_TASK INSTRUCTIONS:_ Every entry must be reproduced word for word.

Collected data
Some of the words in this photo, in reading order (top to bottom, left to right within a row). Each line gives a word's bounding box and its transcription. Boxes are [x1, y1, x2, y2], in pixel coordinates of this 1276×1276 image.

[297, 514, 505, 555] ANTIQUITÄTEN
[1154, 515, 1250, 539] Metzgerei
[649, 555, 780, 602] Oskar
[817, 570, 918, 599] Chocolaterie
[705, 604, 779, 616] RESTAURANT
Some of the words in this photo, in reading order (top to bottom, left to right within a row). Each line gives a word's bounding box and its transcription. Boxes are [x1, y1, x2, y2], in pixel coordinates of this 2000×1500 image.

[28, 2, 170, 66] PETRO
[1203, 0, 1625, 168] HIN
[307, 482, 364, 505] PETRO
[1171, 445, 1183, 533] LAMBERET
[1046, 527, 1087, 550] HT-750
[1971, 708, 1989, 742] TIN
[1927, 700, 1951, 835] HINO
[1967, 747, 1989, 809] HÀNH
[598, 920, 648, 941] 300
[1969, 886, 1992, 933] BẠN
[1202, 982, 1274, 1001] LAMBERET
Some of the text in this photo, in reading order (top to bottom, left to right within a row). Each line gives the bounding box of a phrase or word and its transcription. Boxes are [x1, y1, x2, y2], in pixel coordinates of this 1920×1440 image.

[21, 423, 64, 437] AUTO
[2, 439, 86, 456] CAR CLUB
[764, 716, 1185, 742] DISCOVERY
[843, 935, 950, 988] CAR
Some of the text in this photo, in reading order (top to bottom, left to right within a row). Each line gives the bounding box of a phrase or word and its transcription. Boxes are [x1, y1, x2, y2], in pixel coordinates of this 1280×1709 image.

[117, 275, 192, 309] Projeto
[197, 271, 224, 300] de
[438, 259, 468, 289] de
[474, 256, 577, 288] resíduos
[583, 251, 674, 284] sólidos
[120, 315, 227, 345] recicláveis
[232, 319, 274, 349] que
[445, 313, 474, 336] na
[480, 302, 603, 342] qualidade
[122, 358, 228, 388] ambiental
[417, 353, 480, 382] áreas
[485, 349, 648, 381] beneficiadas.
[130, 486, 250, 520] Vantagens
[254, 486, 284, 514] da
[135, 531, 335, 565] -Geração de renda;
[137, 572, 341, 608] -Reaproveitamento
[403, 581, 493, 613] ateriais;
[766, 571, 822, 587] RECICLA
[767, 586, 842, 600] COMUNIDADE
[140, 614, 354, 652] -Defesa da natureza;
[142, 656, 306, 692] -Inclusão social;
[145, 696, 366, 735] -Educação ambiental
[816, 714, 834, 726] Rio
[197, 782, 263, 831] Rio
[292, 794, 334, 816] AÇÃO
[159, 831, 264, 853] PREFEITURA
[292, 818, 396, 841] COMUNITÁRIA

_ANSWER TO THE EXERCISE:_
Some of the words in this photo, in reading order (top to bottom, left to right within a row). Each line gives a word's bounding box and its transcription. Boxes are [x1, y1, x2, y2], in pixel coordinates of this 1276×1276 image.

[297, 514, 505, 555] ANTIQUITÄTEN
[1154, 515, 1250, 539] Metzgerei
[649, 555, 780, 602] Oskar
[817, 570, 918, 599] Chocolaterie
[705, 604, 779, 616] RESTAURANT
Some of the words in this photo, in reading order (top to bottom, left to right within a row). Each line gives a word's bounding box and its transcription. Boxes are [x1, y1, x2, y2], in pixel coordinates of this 2000×1500 image.

[28, 2, 170, 66] PETRO
[1203, 0, 1625, 168] HIN
[307, 482, 364, 505] PETRO
[1171, 445, 1183, 533] LAMBERET
[1046, 527, 1087, 550] HT-750
[1971, 708, 1989, 742] TIN
[1927, 700, 1951, 835] HINO
[1967, 747, 1989, 809] HÀNH
[598, 920, 648, 941] 300
[1969, 886, 1992, 933] BẠN
[1202, 982, 1274, 1001] LAMBERET
Some of the text in this photo, in reading order (top to bottom, left to right within a row). Each line gives the bounding box of a phrase or word and its transcription. Boxes are [x1, y1, x2, y2], in pixel coordinates of this 1920×1440 image.

[21, 423, 64, 437] AUTO
[2, 439, 86, 456] CAR CLUB
[764, 716, 1185, 742] DISCOVERY
[843, 935, 950, 988] CAR
Some of the text in this photo, in reading order (top to bottom, left to right within a row). Each line gives the bounding box of a phrase or word and its transcription. Boxes are [x1, y1, x2, y2], in pixel coordinates of this 1280×1709 image.

[117, 275, 192, 309] Projeto
[197, 271, 224, 300] de
[438, 259, 468, 289] de
[474, 256, 577, 288] resíduos
[583, 251, 674, 284] sólidos
[120, 315, 227, 345] recicláveis
[232, 319, 274, 349] que
[445, 313, 474, 336] na
[480, 302, 603, 342] qualidade
[122, 358, 228, 388] ambiental
[417, 353, 480, 382] áreas
[485, 349, 648, 381] beneficiadas.
[130, 486, 250, 520] Vantagens
[254, 486, 284, 514] da
[135, 531, 335, 565] -Geração de renda;
[137, 572, 341, 608] -Reaproveitamento
[403, 581, 493, 613] ateriais;
[766, 571, 822, 587] RECICLA
[767, 586, 842, 600] COMUNIDADE
[140, 614, 354, 652] -Defesa da natureza;
[142, 656, 306, 692] -Inclusão social;
[145, 696, 366, 735] -Educação ambiental
[816, 714, 834, 726] Rio
[197, 782, 263, 831] Rio
[292, 794, 334, 816] AÇÃO
[159, 831, 264, 853] PREFEITURA
[292, 818, 396, 841] COMUNITÁRIA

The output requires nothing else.